Assam Mahajot: Hotchpotch alliance with contrasting ideologies and no CM face

Express News Service
GUWAHATI: The hotchpotch alliance of 10 Assam Opposition parties with contrasting ideologies which also had no chief ministerial face found few takers in the polls.

The “Mahajot”, formed two months ago to oust the BJP from power, was led by the Congress but it has been faced with a leadership crisis and plagued by factionalism ever since the death of former Chief Minister Tarun Gogoi. 

The Congress and the minority-based All India United Democratic Front (AIUDF) had come together to thwart the split of anti-BJP and anti-Asom Gana Parishad (AGP) votes. In the 2016 elections, their combined vote share was more than that of the winning candidates from the BJP-led alliance in 14 seats.

If the move reaped dividends for the alliance in some seats of Bengali Muslim-majority Central and Lower Assam besides Barak Valley, it cost the Congress dear in the Assamese-majority Upper Assam.
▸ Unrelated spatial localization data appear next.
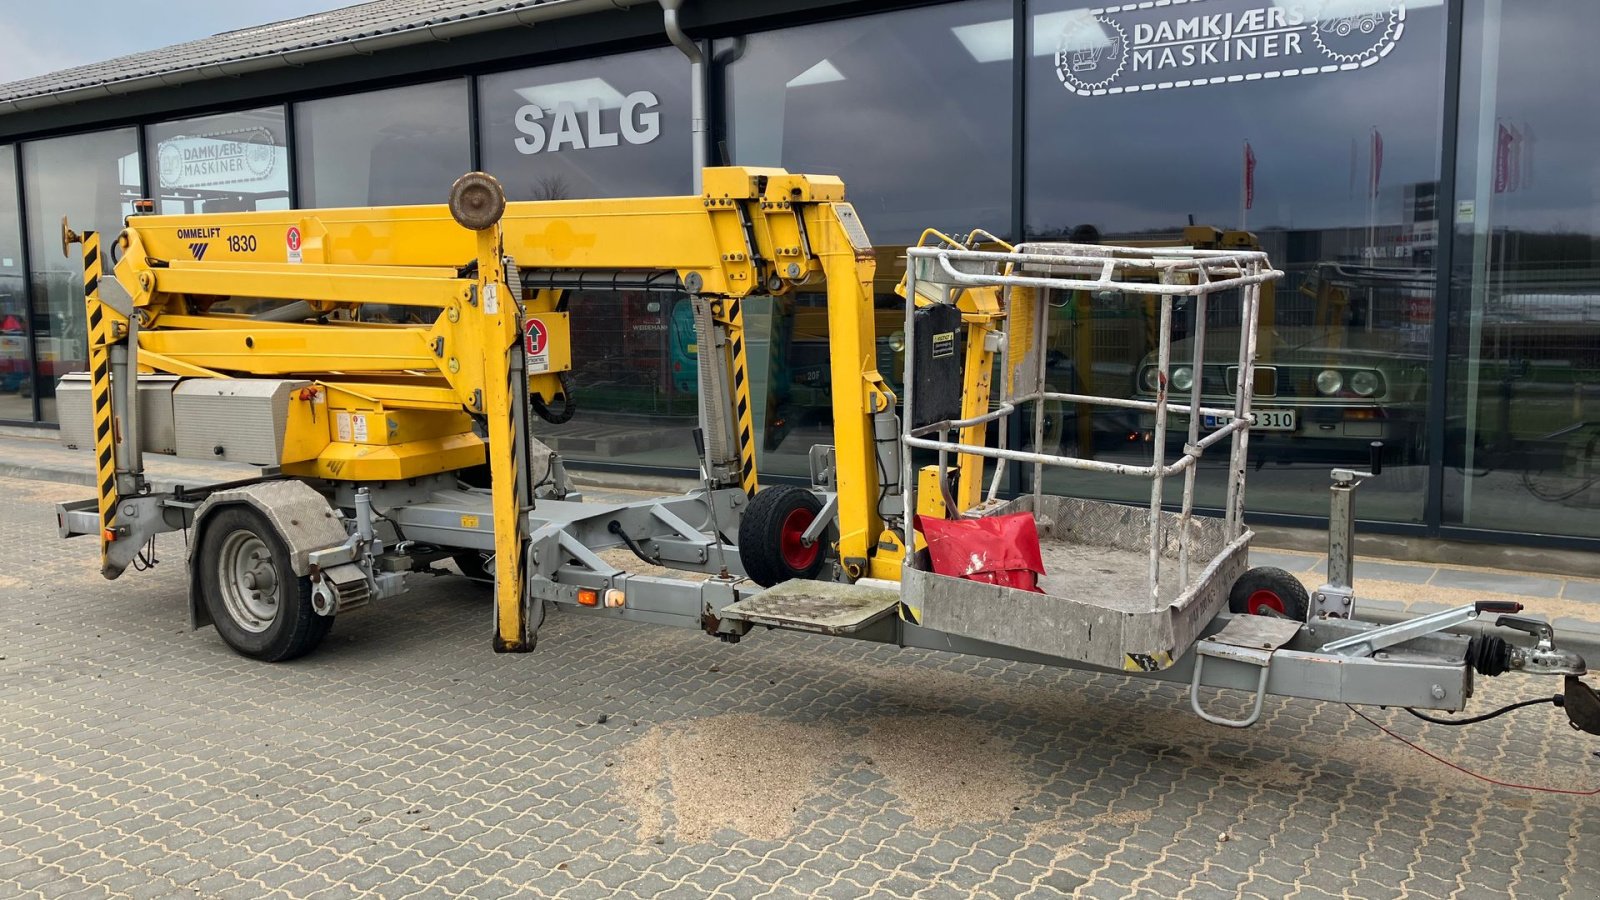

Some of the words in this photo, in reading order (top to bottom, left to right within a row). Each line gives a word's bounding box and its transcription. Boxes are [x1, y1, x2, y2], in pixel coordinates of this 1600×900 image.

[1134, 6, 1304, 45] DAMKJÆRS
[1133, 32, 1302, 71] MASKINER
[514, 90, 660, 155] SALG
[184, 142, 243, 160] DAMKJÆRS
[184, 159, 243, 176] MASKINER
[177, 228, 220, 239] OMMELIFT
[227, 235, 258, 252] 1830
[1263, 413, 1292, 427] 310
In a state where there is a threat to the local civilisation due to illegal migration from Bangladesh, the voters in Upper Assam were upset that the Congress had aligned with the AIUDF, perceived to be the protector of the illegal immigrants.
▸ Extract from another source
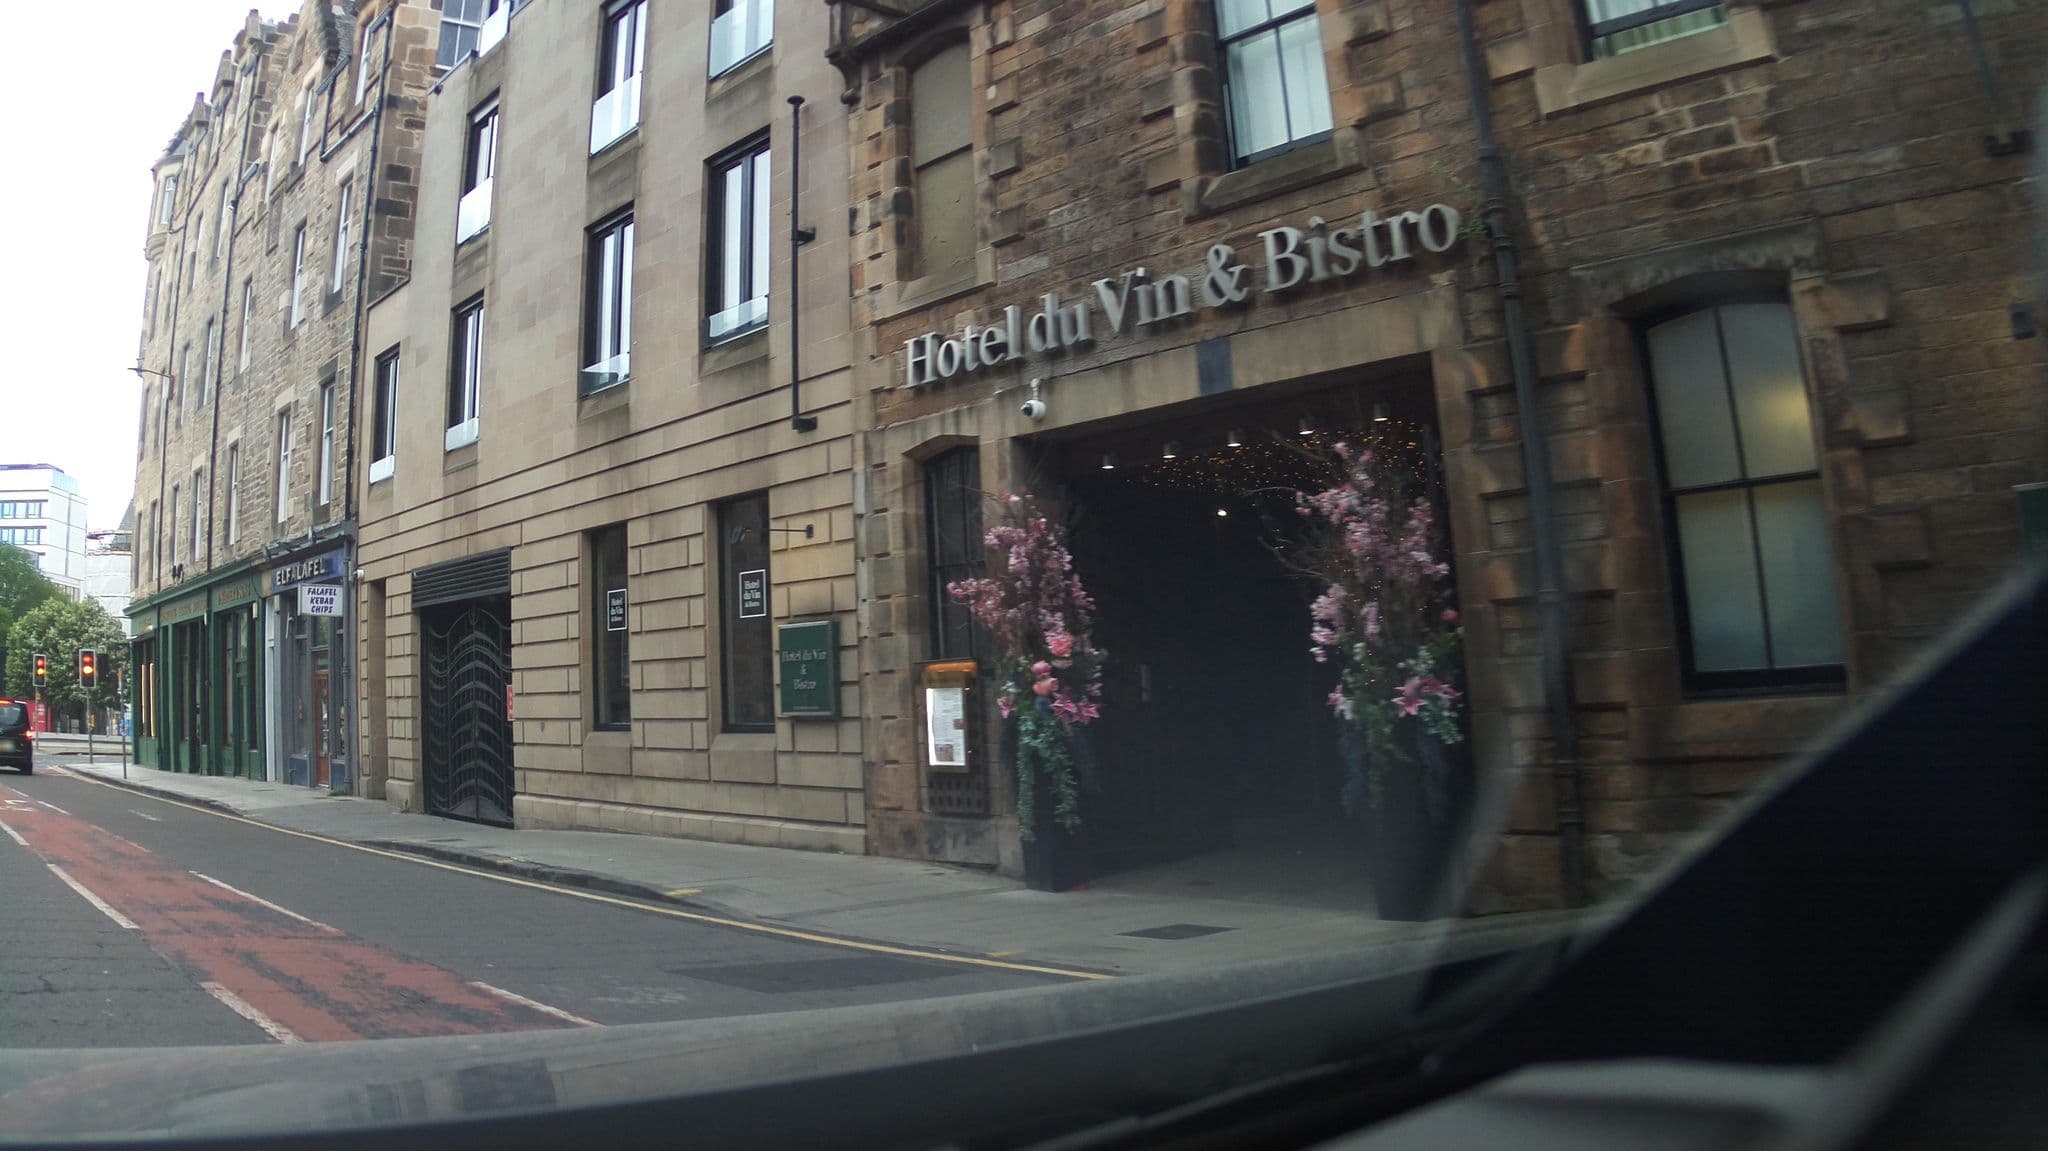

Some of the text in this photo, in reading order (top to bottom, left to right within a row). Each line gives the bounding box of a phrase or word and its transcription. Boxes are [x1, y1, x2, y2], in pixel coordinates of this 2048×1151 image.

[904, 202, 1462, 389] Hotel du Vin & Bistro
[307, 587, 337, 596] FALAFEL
[309, 596, 335, 605] KEBAB
[311, 605, 333, 614] CHIPS
“The alliance with the AIUDF has affected us greatly in Upper Assam,” a Congress insider told The New Indian Express. 

Outlining the other reasons behind defeat, he said the Congress had a leadership vacuum after Gogoi’s death. 
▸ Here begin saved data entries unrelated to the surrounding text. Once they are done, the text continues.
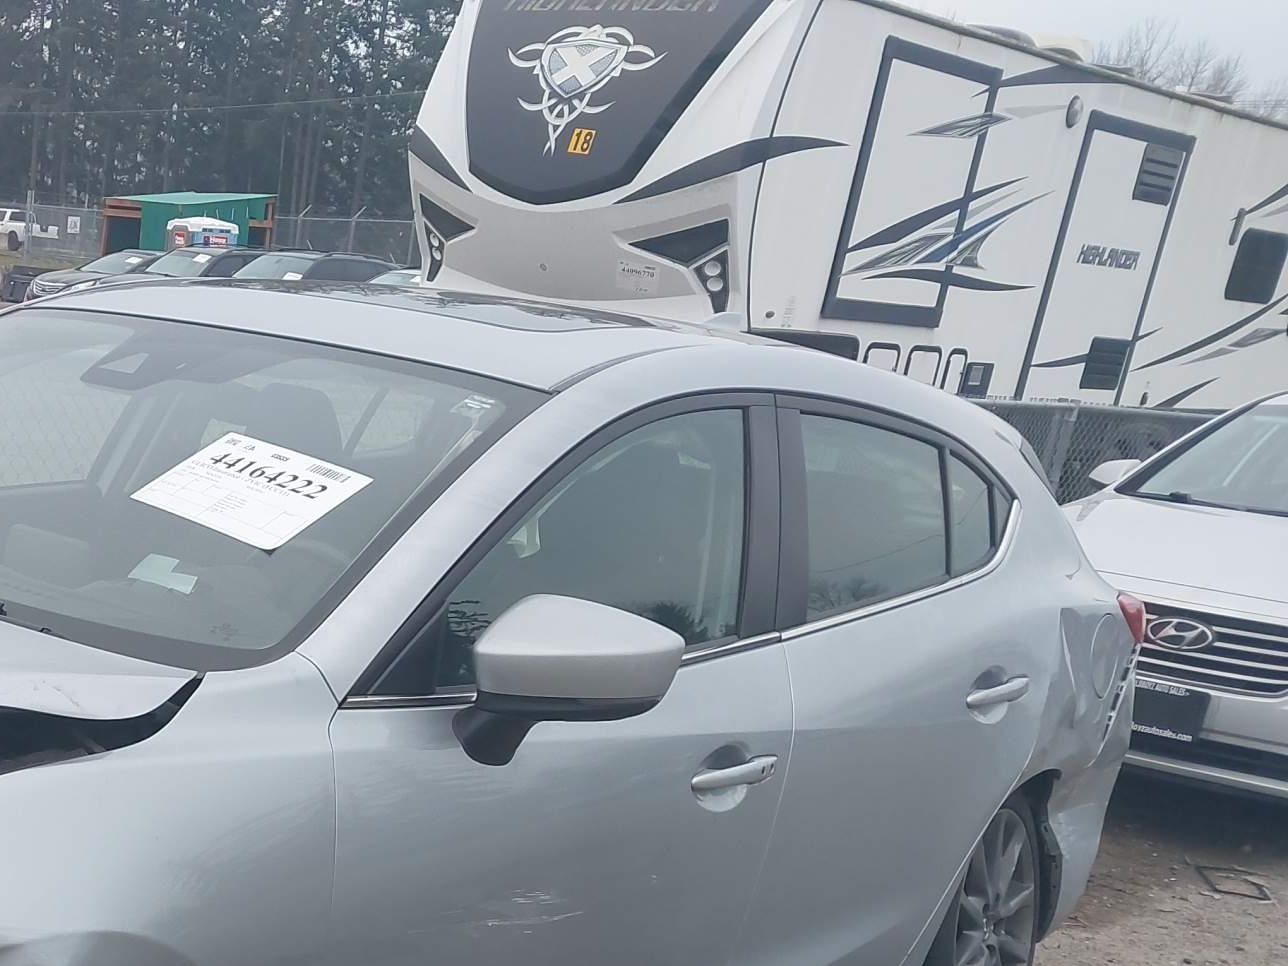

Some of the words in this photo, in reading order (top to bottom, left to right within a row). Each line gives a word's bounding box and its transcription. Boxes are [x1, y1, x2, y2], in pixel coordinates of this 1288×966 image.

[574, 130, 594, 153] 18
[1076, 243, 1141, 270] HIGHLANDER
[210, 452, 329, 500] 44164222
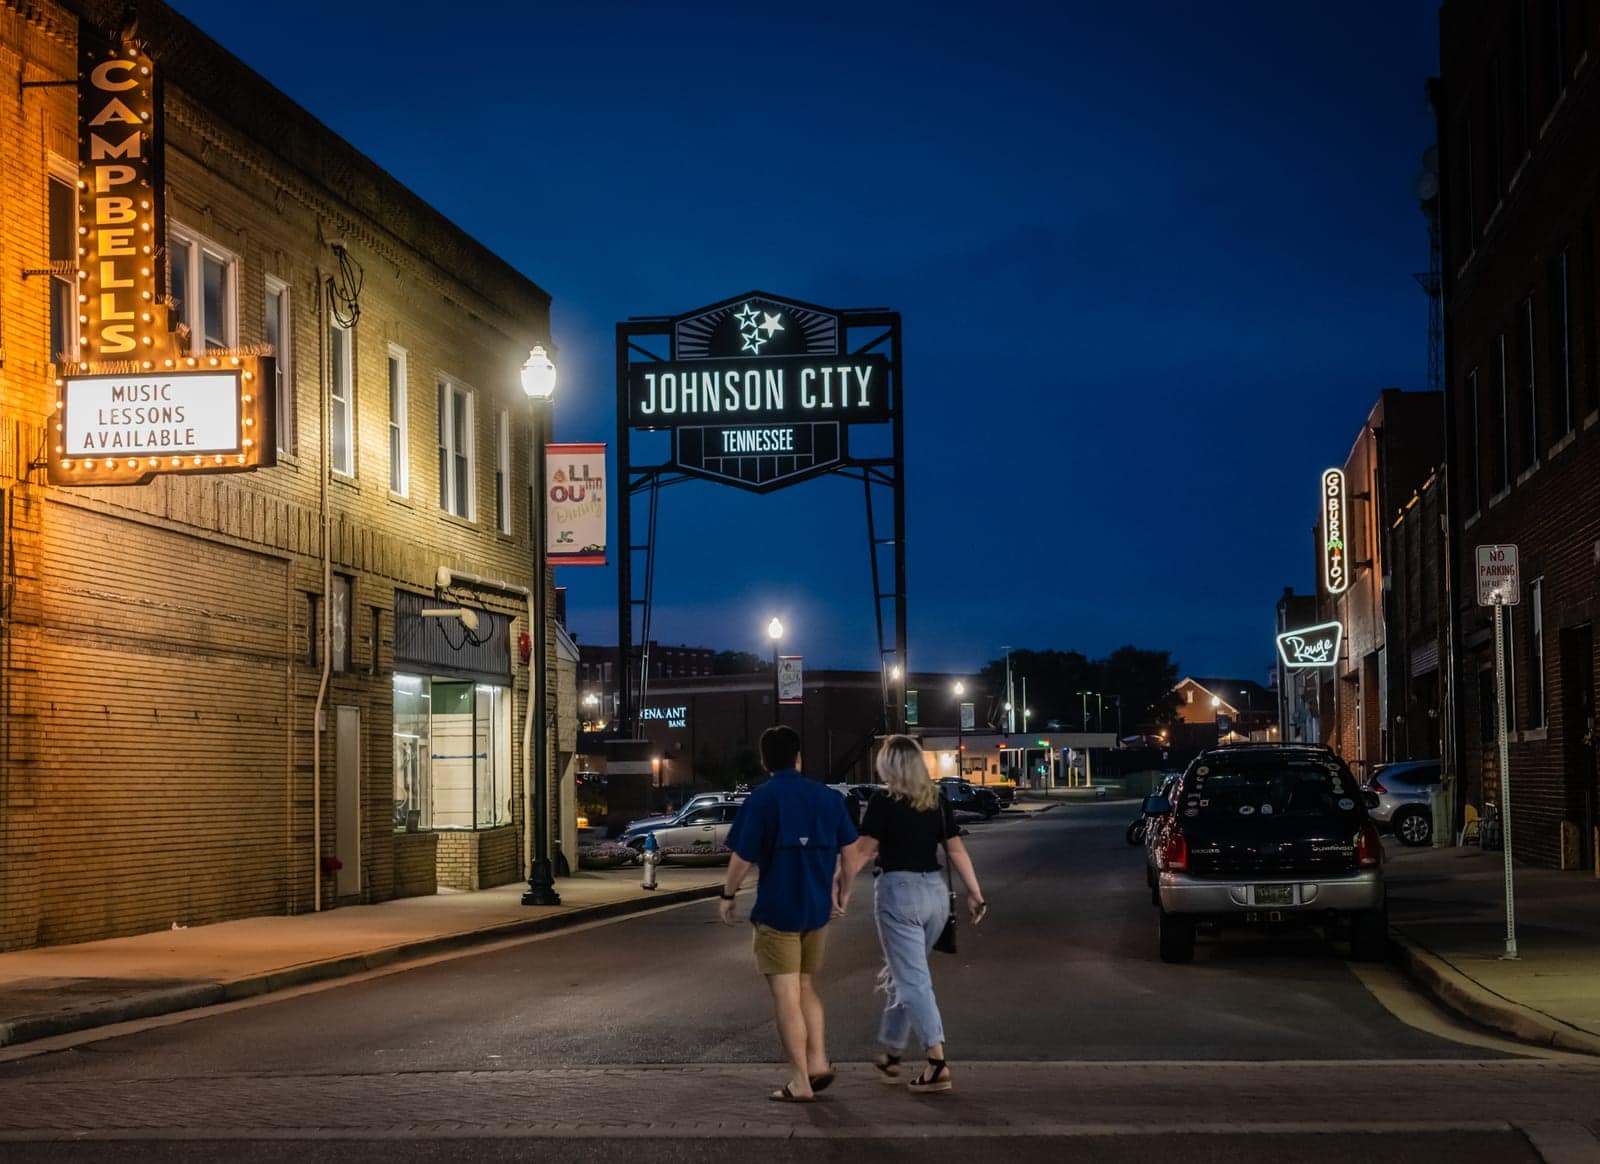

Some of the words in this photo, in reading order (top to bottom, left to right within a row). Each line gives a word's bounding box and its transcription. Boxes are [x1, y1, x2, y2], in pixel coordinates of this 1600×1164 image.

[89, 60, 143, 354] CAMPBELLS
[112, 383, 171, 402] MUSIC
[641, 368, 784, 414] JOHNSON
[801, 366, 873, 408] CITY
[98, 406, 185, 426] LESSONS
[84, 428, 195, 449] AVAILABLE
[722, 429, 793, 452] TENNESSEE
[1326, 473, 1339, 497] GO
[1489, 550, 1504, 562] NO
[1480, 565, 1515, 577] PARKING
[1285, 636, 1333, 662] Rouge
[668, 720, 686, 728] BANK
“Nobody respected any leader. The people too did not accept the leadership of Pradesh Congress chief Ripun Bora. As we did not have a CM face, people were confused,” he said. 

The Congress insider admitted that the two new parties, Raijor Dal and Asom Jatiya Parishad, had caused a split of the anti-BJP and anti-AGP votes in several seats of Upper Assam, thereby greatly affecting the Congress.

“The anti-Citizenship (Amendment) Act (CAA) votes went to several Opposition parties. As such, we were on the losing side,” he added.

The Congress had announced five-star “guarantees” including “’nullifying” CAA in Assam, providing five lakh government jobs to youth over a period of five years, 200 units of free electricity per household, raising tea garden workers’ daily wage to Rs 365 from existing Rs 167 and Rs 2,000 monthly income support to all housewives. However, not many voters believed the party could fulfil the promises.

The Congress had, apparently, also over-estimated or miscalculated the anti-CAA public sentiments. Even as it campaigned aggressively on the issue, several leaders of the anti-CAA movement had joined the BJP. The movement had died an early death due to the pandemic.

The voters could not trust the Congress also due to the fact that the 15-year party rule under Gogoi was marked by large-scale corruption and dissidence. In sharp contrast, the BJP-led government had gone for the jugular of the corrupt. It did not spare even the children of lawmakers while cleansing the Assam Public Service Commission which had earned notoriety due to a cash-for-jobs scam.